The move was widely expected, with little support left for prolonging the legal arrangement. But Penny offered no clear signals about what she would decide. As recently as last spring, it appeared that the conservatorship could continue for years. Then it unraveled with surprising speed.
Key to the unraveling was a speech Spears made at a hearing in June when she passionately described the restrictions and scrutiny of her life as "abusive." She demanded that the conservatorship end without any prying evaluation of her mental state.
Legal experts at the time said that was unlikely to happen, and would represent a departure from common court practice.
But a judge allowed her to hire an attorney of her choice, Mathew Rosengart, at a July hearing in which she again complained about the grief the conservatorship caused and demanded that it end.
Rosengart made it his goal first to have James Spears removed from his role as conservator of his daughter's finances before working to end the conservatorship altogether.
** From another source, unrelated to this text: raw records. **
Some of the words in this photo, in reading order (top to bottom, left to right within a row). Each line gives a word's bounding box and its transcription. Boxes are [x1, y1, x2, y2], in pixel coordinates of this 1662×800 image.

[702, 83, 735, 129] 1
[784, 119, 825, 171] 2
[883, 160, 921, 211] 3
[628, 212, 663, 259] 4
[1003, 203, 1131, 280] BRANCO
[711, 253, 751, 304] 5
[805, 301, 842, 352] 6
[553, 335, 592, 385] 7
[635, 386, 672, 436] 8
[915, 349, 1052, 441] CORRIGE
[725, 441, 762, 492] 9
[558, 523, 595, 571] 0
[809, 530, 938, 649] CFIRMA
The judge suspended James Spears at a September hearing, citing the "toxic environment" his presence created.
But more courtroom battles could lie ahead.
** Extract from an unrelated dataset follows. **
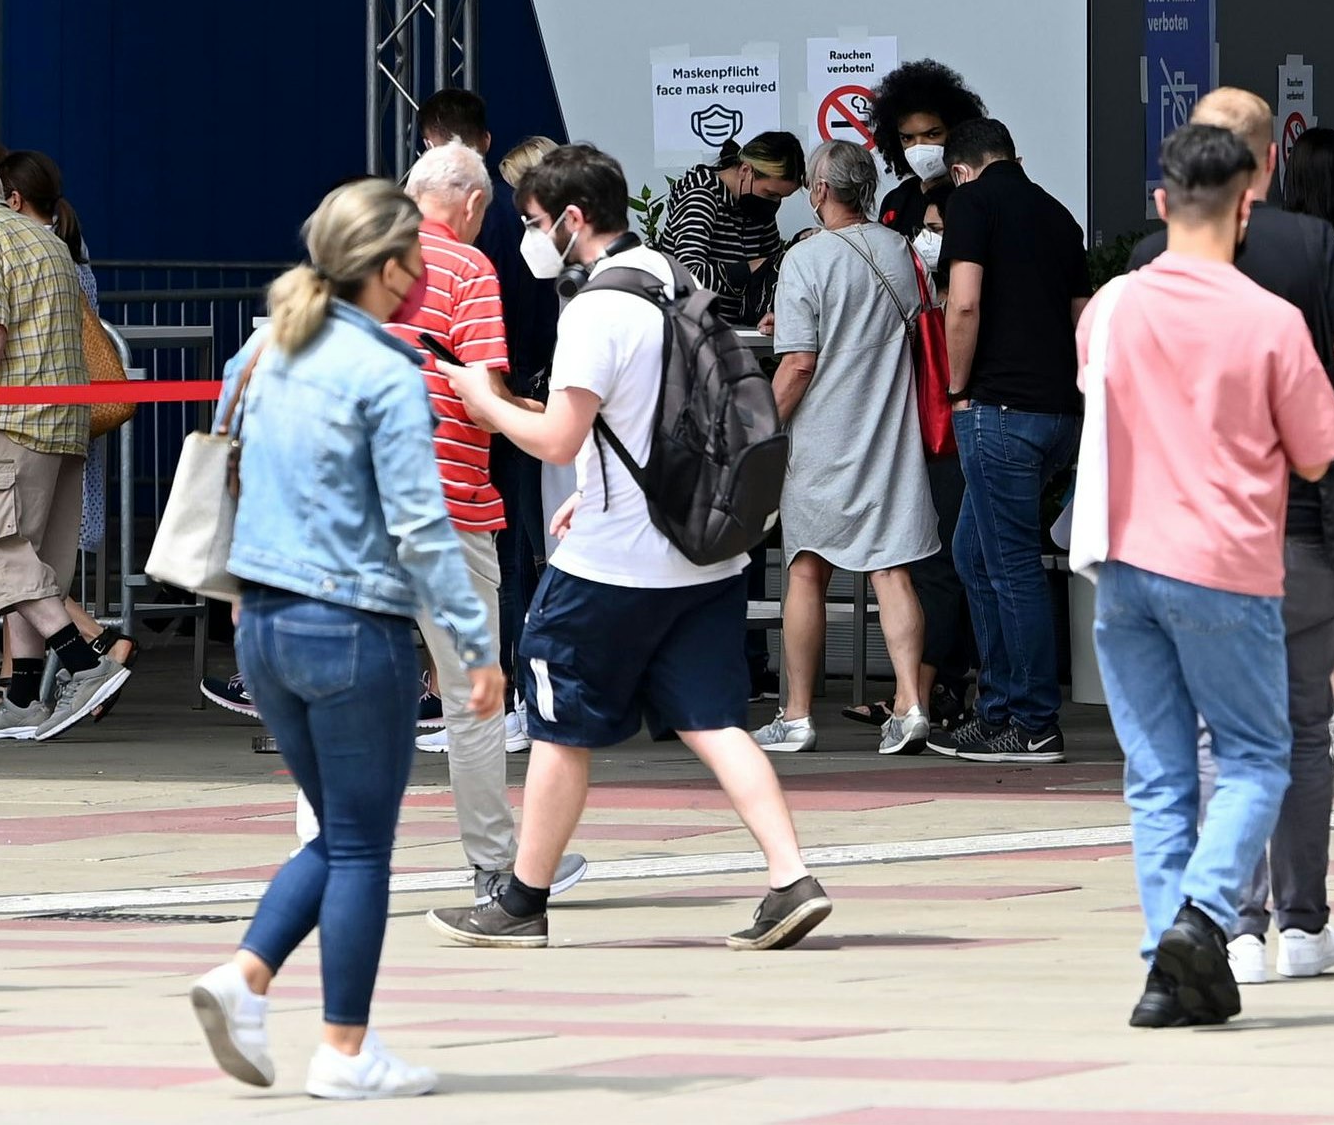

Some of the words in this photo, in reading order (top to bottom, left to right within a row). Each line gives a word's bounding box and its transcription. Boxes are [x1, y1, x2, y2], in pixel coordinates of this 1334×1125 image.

Rosengart has further vowed to pursue an investigation of James Spears' role in the conservatorship. He said he and his team have found mismanagement of Britney Spears' finances, suggesting she could pursue further legal action. Court records put her net worth at about $60 million.
He also said that law enforcement should investigate revelations in a New York Times documentary about a listening device placed in her bedroom.
James Spears' attorneys said Rosengart's allegations ranged from unsubstantiated to impossible, and that he only ever acted in his daughter's best interest.
The post-conservatorship fight has in some ways already begun. James Spears has parted ways with the attorneys who helped him operate it, and he has hired Alex Weingarten, a lawyer specializing in the kind of litigation that may be coming.
In court filings last week, Britney Spears' former business managers, Tri Star Sports and Entertainment Group, pushed back against Rosengart's demands for documents about the firm's involvement in the conservatorship from 2008 to 2018. The group also denied any role in or knowledge of any surveillance of the singer.
Jodi Montgomery, the court-appointed conservator who oversaw the singer's life and medical decisions starting in 2019, developed a care plan with her therapists and doctors to guide Spears through the end of the conservatorship and its aftermath.
Britney Spears was a 26-year-old new mother at the height of her career when her father established the conservatorship, at first on a temporary basis, in February 2008 after a series of public mental health struggles.
It ends a few weeks before her 40th birthday, with her sons in their mid-teens and her career on indefinite hold, as she is engaged to be married a second time.
A turning point came early in 2019, when she canceled a planned concert residency in Las Vegas.
Convinced she was put in a mental hospital against her will, fans began coalescing and demanding that the court #FreeBritney. At first, they were dismissed as conspiracy theorists, but the singer herself gave them validation in 2020 in a series of court filings that said they were correct to demand greater transparency and scrutiny of her legal situation.
Those filings proved to be the first indication from Spears, who had remained silent on the conservatorship for years, that she would seek major changes.